5 Ways to Grow Your Charisma
Exude confidence, yes, but never forget how much other people matter.
Posted December 12, 2014
We all know what “charisma” looks and feels like when someone who possesses this quality is in the room. Our senses are able to detect the signals and the energy radiated by a charismatic individual, and this person seems to naturally draw our attention and interest. The word charisma traces its origin to Greek and means “gift” or “grace.” When we are around individuals with this quality, we feel inspired, trusting, and supportive of their missions.
Scientists agree that charisma is marked by both verbal and nonverbal behaviors. It is transmitted in the way people carry themselves, their facial expressiveness and eye contact, their gestures, and their highly charged state of being in a space. It is transmitted by their vocal intonations, their word choice, their inflections, and their messages. They can charm most everyone around them, whether a single person, a group, or an audience of thousands. Not only do charismatic leaders believe in the value of their own ideas, they believe in the value of others’ presence in helping them actualize their personal visions.
Is charisma something you have to be born with or is it something you can cultivate? Research suggests that anyone can develop their ability to project charisma, if they are willing to do the personal work required:
- You must be confident in yourself, what you have to offer, and what you want to accomplish. Believing in the value of your own dreams and visions is the first step toward reaching them. When you have charisma, you believe in yourself—and it almost feels like you take up more space in a room than those who lack it.

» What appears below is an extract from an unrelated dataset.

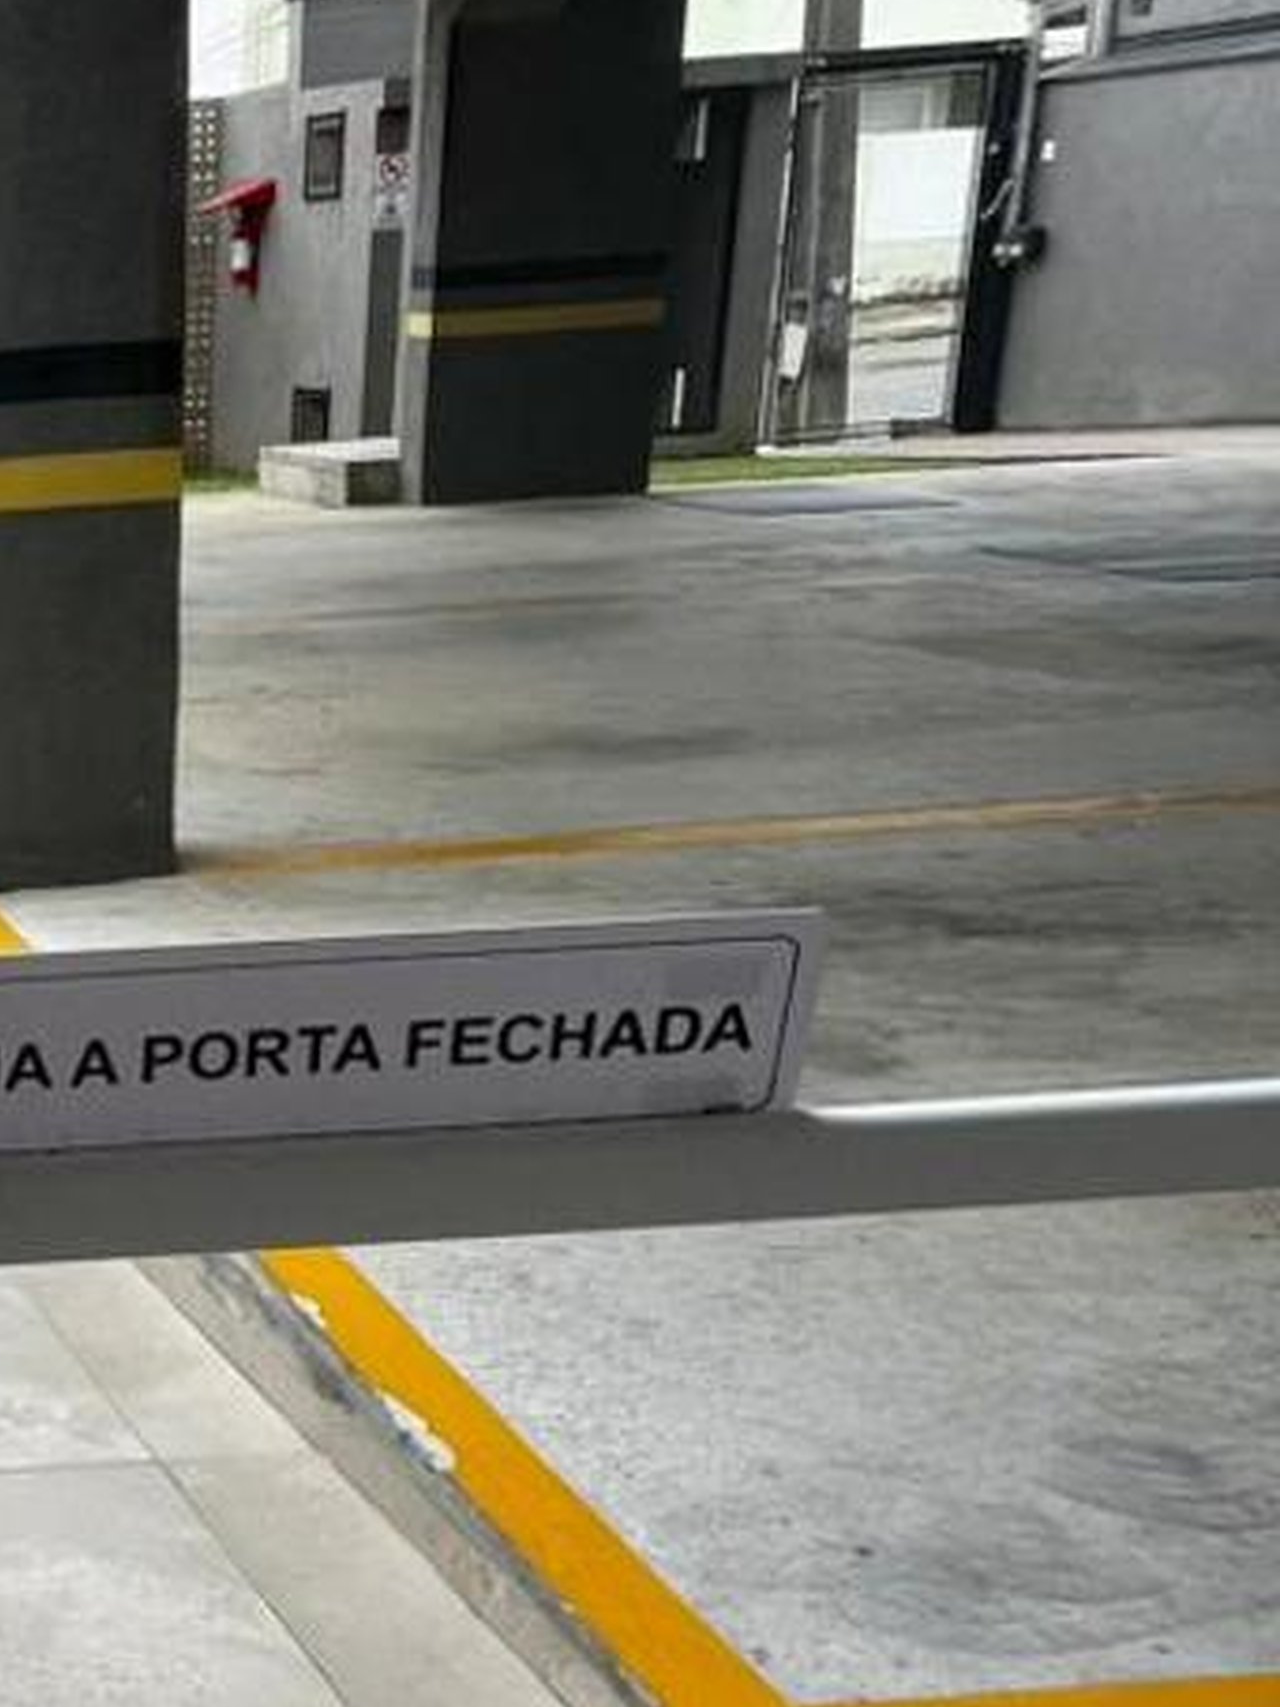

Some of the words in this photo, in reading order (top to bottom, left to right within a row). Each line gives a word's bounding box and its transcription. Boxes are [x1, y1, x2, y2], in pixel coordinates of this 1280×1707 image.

[70, 1038, 119, 1089] A
[141, 1023, 381, 1084] PORTA
[404, 1002, 753, 1069] FECHADA

- You must recognize not only that gaining the support of others is important, you must also communicate that you genuinely value those whose support you desire. Even the most charismatic individuals will be left standing alone if they ignore the importance of drawing in supporters. Charisma exists in the “between” space, it cannot stand on its own.
- You must be able to communicate to your audience/followers just how much they mean to you and how much you value the support they offer. This cannot be overemphasized—charismatic leaders emit an energy that draws us in, because they make us feel valued. When a charismatic musician catches your eye while he’s playing, you feel that you are intimately connected to that person at that moment. You are made to feel worthy of the gift of the music. Your voice needs to communicate enthusiasm, passion, vision, and authenticity. Your eyes need to communicate trustworthiness, intensity, and warmth. Your smile should be inviting and genuine—fake masks of “happy” cannot be worn for long without cracking. When you speak, it must be with commitment, optimism, and openness. You must fully believe in your words and they must be driven by your heart and your belief in the rightness of your ideas.
- You must keep your own fire burning and your own enthusiasm high to maintain the passion of others. When a leader cools on an idea, it is quickly felt by supporters. Charisma is the sum of who you are, what you believe about yourself, how you reveal your passion to others, and the ties that you build to each individual you want to have on board. When your fire wanes, the tide can turn quickly.
- Remember that charisma can be learned, practiced, and honed. However, like any skill with which you were not born, it can take a great deal of practice before it feels natural or easy. If you have a dream, a hope, or a vision, and you want to attract the support of others, it can be well worth the time to build the foundation for a charismatic presentation of your ideas. Leadership is an art and science, and your charisma quotient can increase as you apply yourself to practicing the art of charismatic communications.